Bulletproof TLS Newsletter is a free periodic newsletter bringing you commentary and news surrounding SSL/TLS and Internet PKI, designed to keep you informed about the latest developments in this space. Maintained by Hanno Böck.

New research shows that cryptographic code often is still vulnerable to side-channel attacks.

An attack called PortSmash shows how to exploit side channels in the hyperthreading functionality of modern CPUs. A proof of concept attack against OpenSSL has been published on GitHub, and a research paper also is available.

The core idea of this attack was published by Colin Percival thirteen years ago. The reason the OpenSSL code is vulnerable is that it has branches based on secrets. OpenSSL has released a security advisory.

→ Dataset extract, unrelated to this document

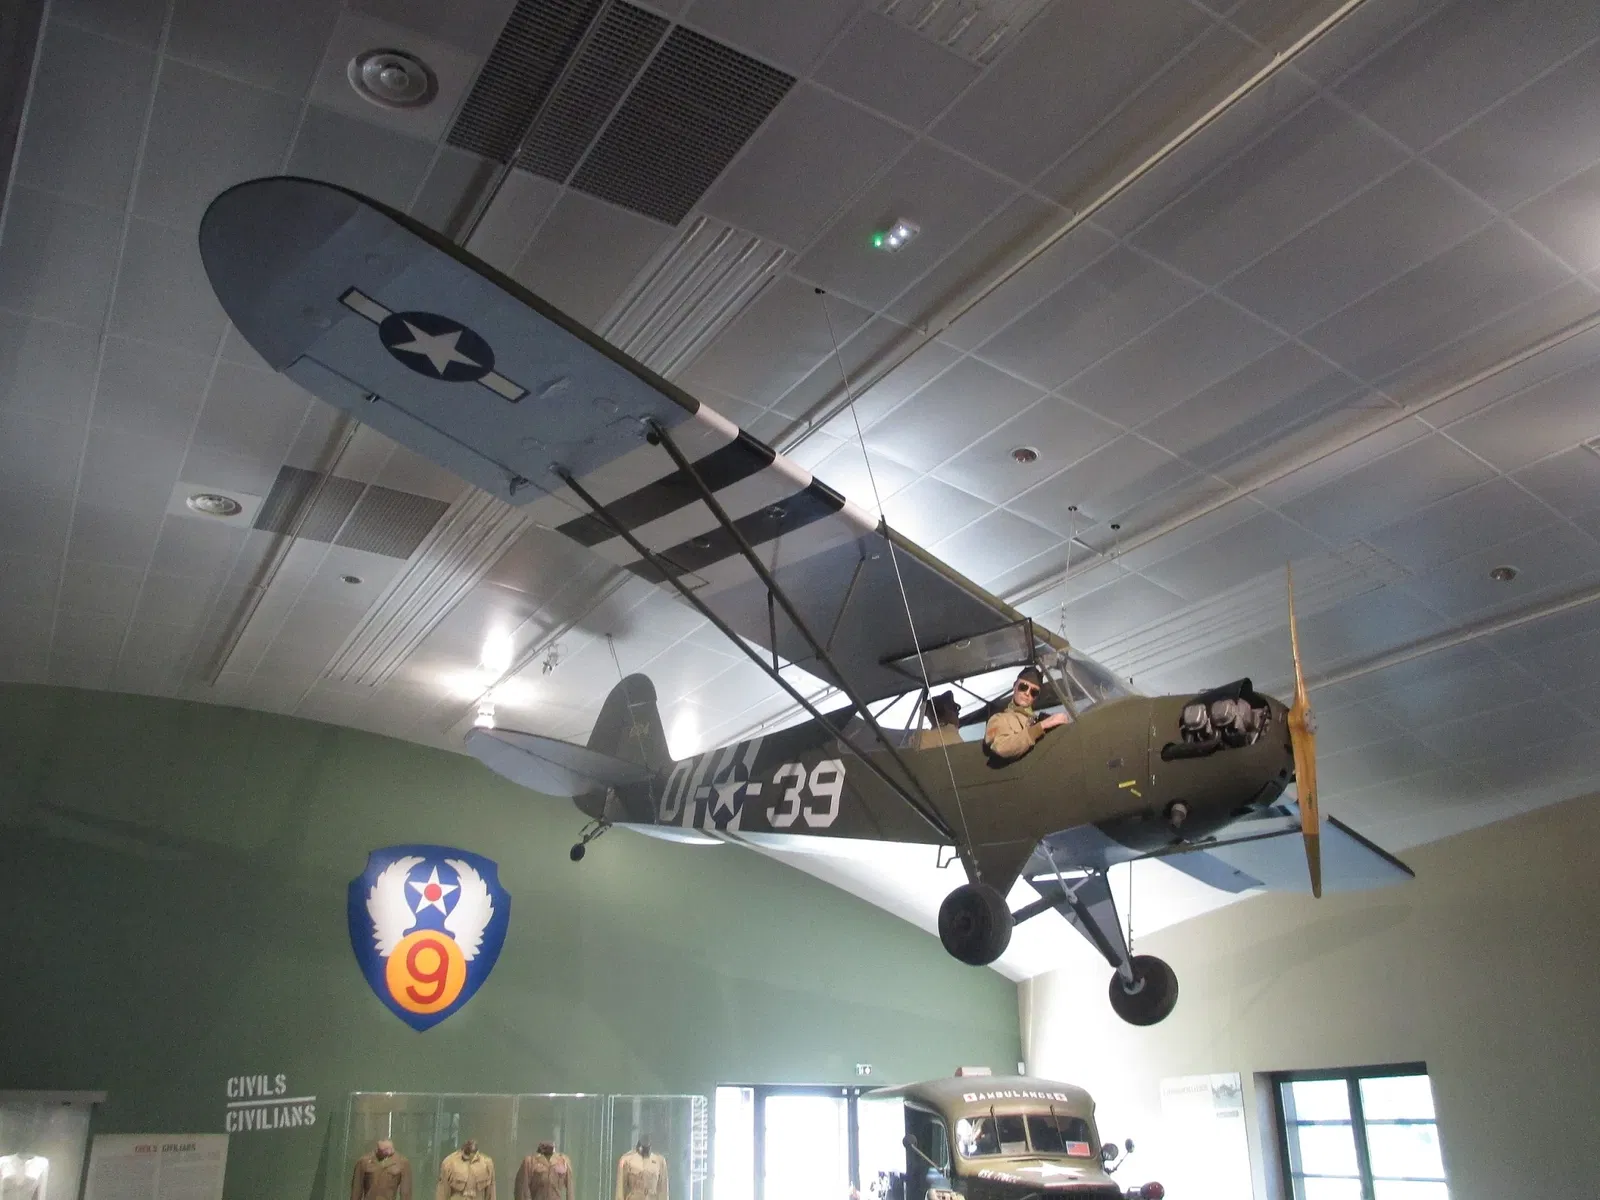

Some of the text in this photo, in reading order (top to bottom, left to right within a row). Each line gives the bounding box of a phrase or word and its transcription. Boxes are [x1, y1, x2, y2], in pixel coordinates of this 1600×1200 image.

Furthermore, a different, unrelated side-channel attack affecting the DSA and ECDSA code in OpenSSL also has been fixed. No details have been published on that attack. OpenSSL has released versions 1.0.2q, 1.1.0j, and 1.1.1a with fixes.

Short news

• A cross-site scripting vulnerability was found in the TLS error messages of the Squid proxy software.
• Three research papers have attacked the security of the OCB2 authenticated encryption mode. The attacks don’t affect the other OCB versions, OCB1 and OCB3. OCB was never used in TLS, but a draft exists, though it relies on the unaffected OCB3.
• Sennheiser has shipped a TLS root certificate with its headset software, a vulnerability similar to the Superfish incident.
• A research paper investigates changes in TLS clients and servers between 2012 and today. A blog post at APNIC summarizes the results.
• Michael Driscoll created a web page explaining the TLS 1.3 handshake in detail.
• ETSI has standardized Enterprise TLS (eTLS), a variant of TLS 1.3 that allows passive interception with knowledge of a static Diffie-Hellman key. Similar proposals have been made in the IETF in the past but were always rejected due to concerns that they would compromise the security of TLS or allow for abuse of mass surveillance.
• WISeKey and DigiCert have announced DigiCert’s intention to acquire WISeKey’s certificate business, which operates under the name QuoVadis.
• ZDNet reports that Scott Arcizewski from Paragon Initiative has discovered many cases of PHP code in content management system plugins that use cURL without certificate validation.
• Physicist Mikhail Dyakonov argues in IEEE Spectrum that quantum computers are unlikely ever to become practical. A large quantum computer would be able to break today’s public key cryptosystems, which lately has fueled research for post-quantum cryptography—but it’s unclear if quantum computers capable of breaking crypto will ever become practical.
• A side-channel attack called Return of the Hidden Number Problem or RHNP has been published in a research paper. The attack was announced in June in a blog post from NCC Group; fixes have been available for most affected libraries for a while.
• The next version of HTTP most likely will be called HTTP/3, and the encrypted transport will be based on the QUIC protocol. Daniel Stenberg explains the details in a blog post.